Your objective:
Going down the data below, set down exactly the line with "this 1500×1099 image." and each line after it through the line with "this 1344×1512 image."; no other lines.
++++ Record excerpts ++++
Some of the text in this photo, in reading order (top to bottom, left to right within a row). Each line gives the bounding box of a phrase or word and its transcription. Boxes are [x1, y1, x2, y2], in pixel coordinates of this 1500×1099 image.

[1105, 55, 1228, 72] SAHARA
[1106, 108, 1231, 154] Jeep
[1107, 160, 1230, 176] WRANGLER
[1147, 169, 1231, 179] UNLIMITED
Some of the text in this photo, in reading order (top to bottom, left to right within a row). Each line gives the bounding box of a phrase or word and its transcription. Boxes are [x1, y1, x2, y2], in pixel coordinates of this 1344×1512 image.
++++
++++ Record excerpts ++++
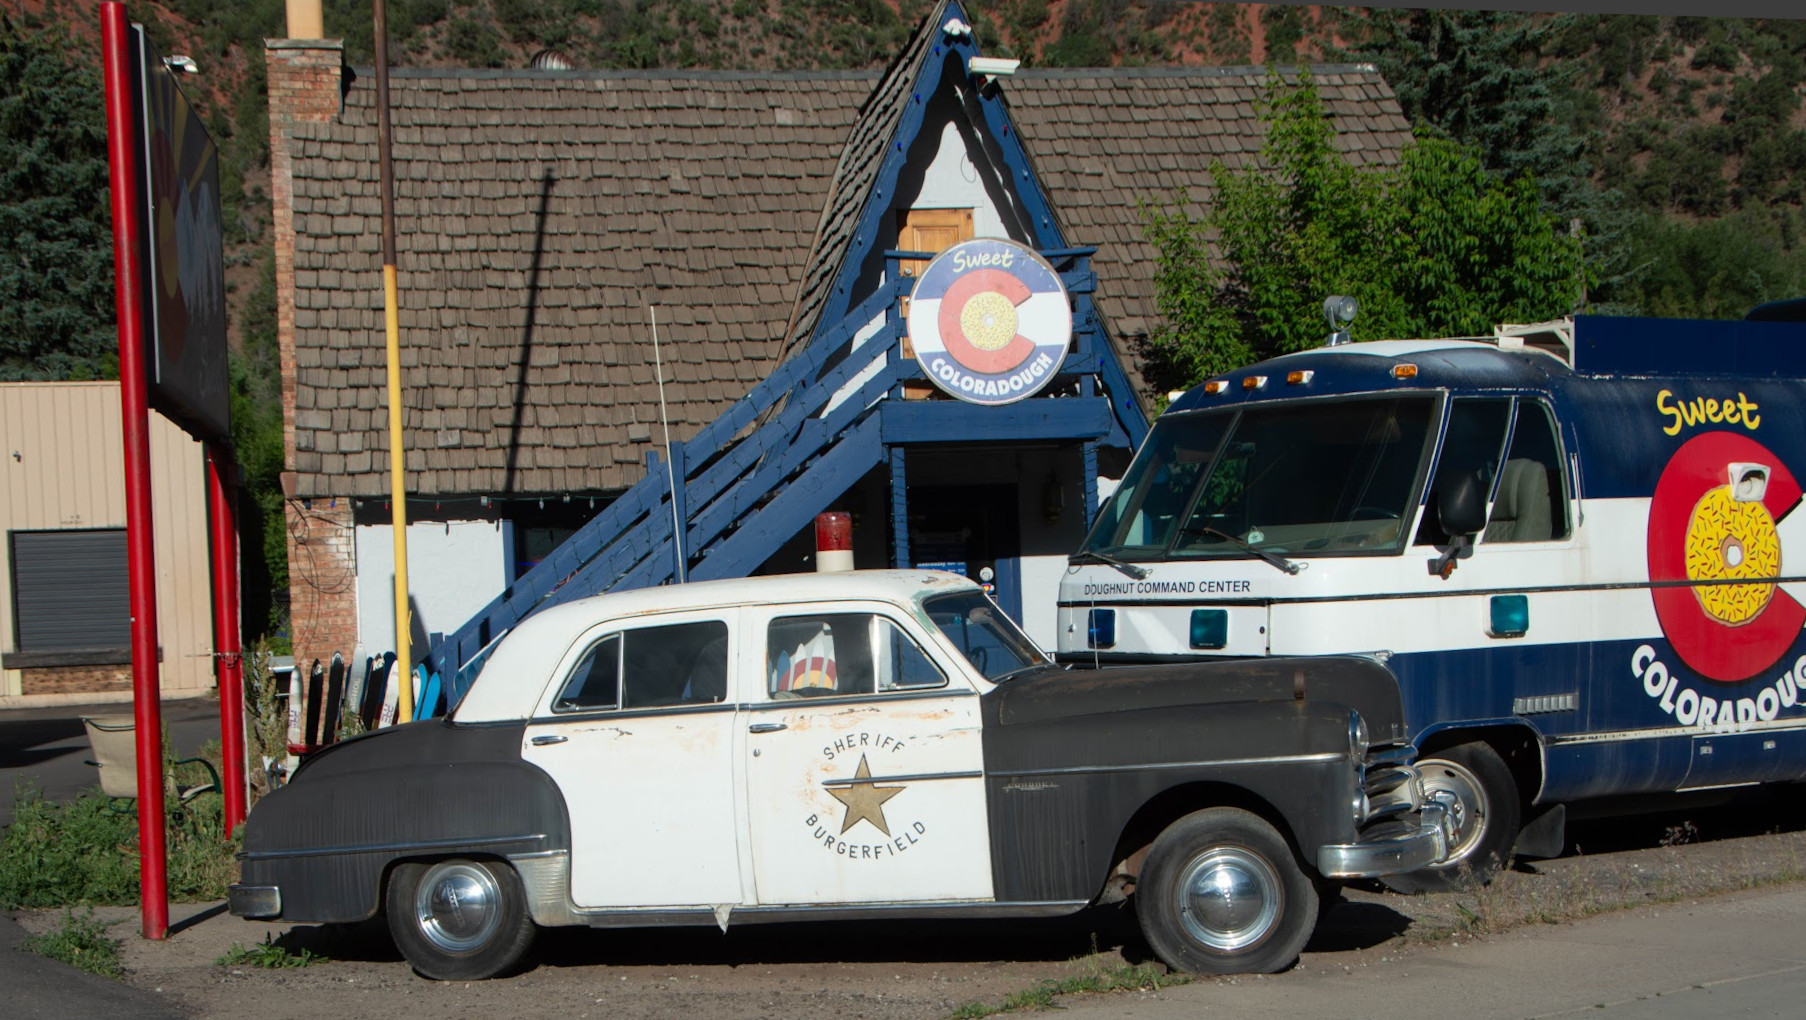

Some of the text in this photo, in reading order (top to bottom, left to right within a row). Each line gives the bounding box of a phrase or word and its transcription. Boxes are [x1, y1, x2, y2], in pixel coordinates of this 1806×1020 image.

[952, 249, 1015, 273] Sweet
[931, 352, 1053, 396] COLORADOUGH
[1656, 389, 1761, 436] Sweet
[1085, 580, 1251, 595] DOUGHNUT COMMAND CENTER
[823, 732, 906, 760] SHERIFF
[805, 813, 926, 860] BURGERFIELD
++++
Solution:
Some of the text in this photo, in reading order (top to bottom, left to right within a row). Each line gives the bounding box of a phrase or word and its transcription. Boxes are [x1, y1, x2, y2], in pixel coordinates of this 1500×1099 image.

[1105, 55, 1228, 72] SAHARA
[1106, 108, 1231, 154] Jeep
[1107, 160, 1230, 176] WRANGLER
[1147, 169, 1231, 179] UNLIMITED
Some of the text in this photo, in reading order (top to bottom, left to right within a row). Each line gives the bounding box of a phrase or word and its transcription. Boxes are [x1, y1, x2, y2], in pixel coordinates of this 1344×1512 image.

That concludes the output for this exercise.